• Directions: Make an exact copy of the listing, without images.

+--

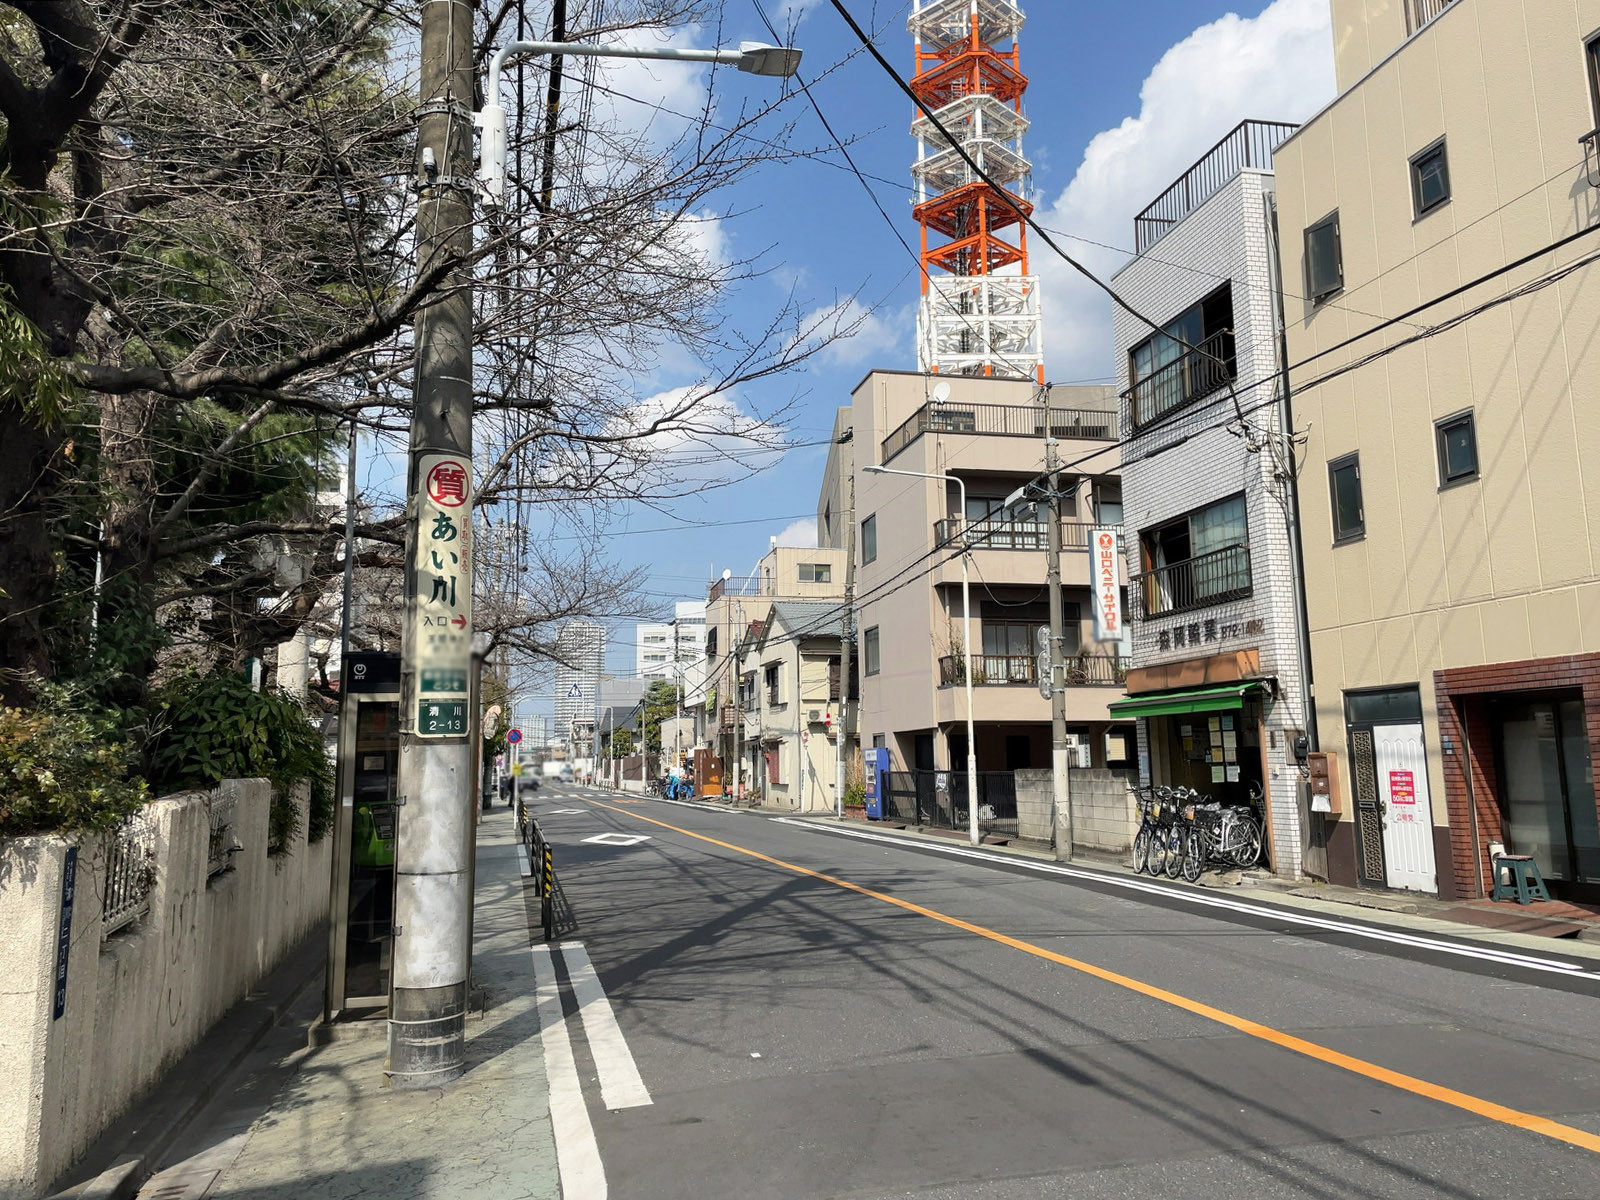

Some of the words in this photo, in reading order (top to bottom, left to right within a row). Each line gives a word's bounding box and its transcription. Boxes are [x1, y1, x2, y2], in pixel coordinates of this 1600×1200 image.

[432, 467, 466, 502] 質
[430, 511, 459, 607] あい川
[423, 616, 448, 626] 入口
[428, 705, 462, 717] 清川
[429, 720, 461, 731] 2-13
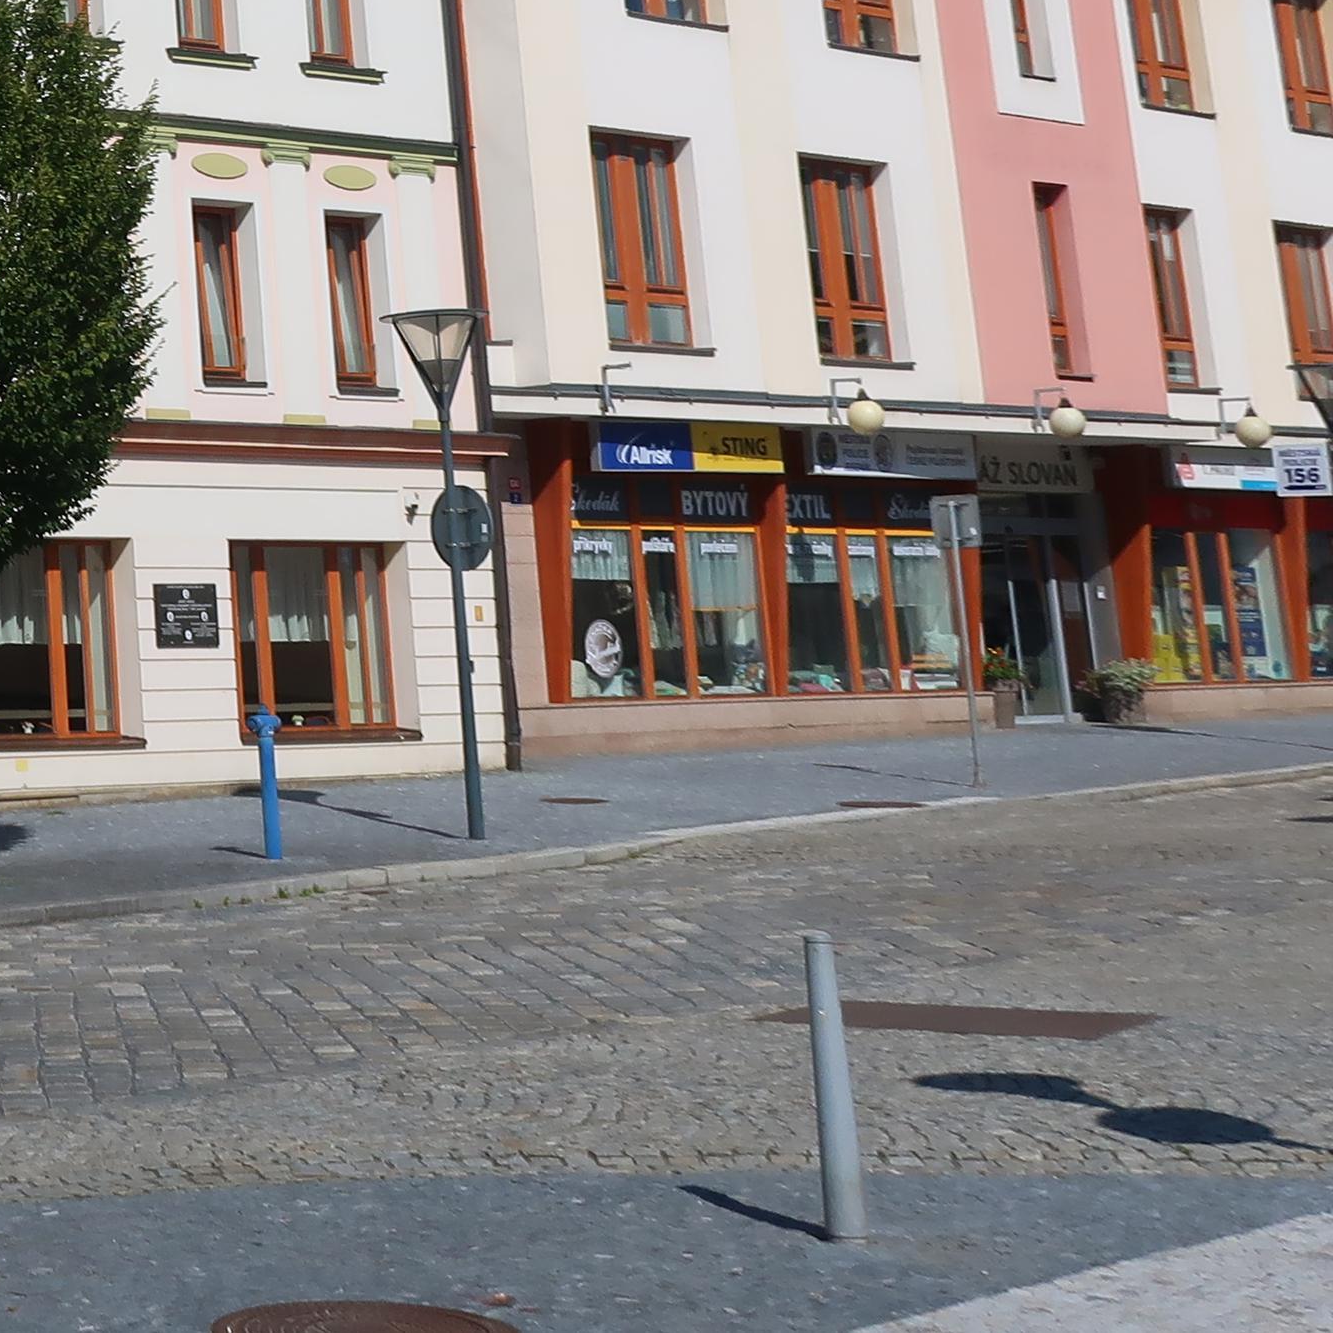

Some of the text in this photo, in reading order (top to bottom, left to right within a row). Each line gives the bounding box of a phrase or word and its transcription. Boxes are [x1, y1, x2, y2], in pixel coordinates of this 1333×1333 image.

+--

• Task output:
Some of the words in this photo, in reading order (top to bottom, left to right within a row). Each line gives a word's bounding box and its transcription. Boxes are [x1, y1, x2, y2], in pixel coordinates of this 1600×1200 image.

[432, 467, 466, 502] 質
[430, 511, 459, 607] あい川
[423, 616, 448, 626] 入口
[428, 705, 462, 717] 清川
[429, 720, 461, 731] 2-13

Some of the text in this photo, in reading order (top to bottom, left to right within a row). Each line gives the bounding box of a phrase or word and its transcription. Boxes are [x1, y1, x2, y2], in pixel coordinates of this 1333×1333 image.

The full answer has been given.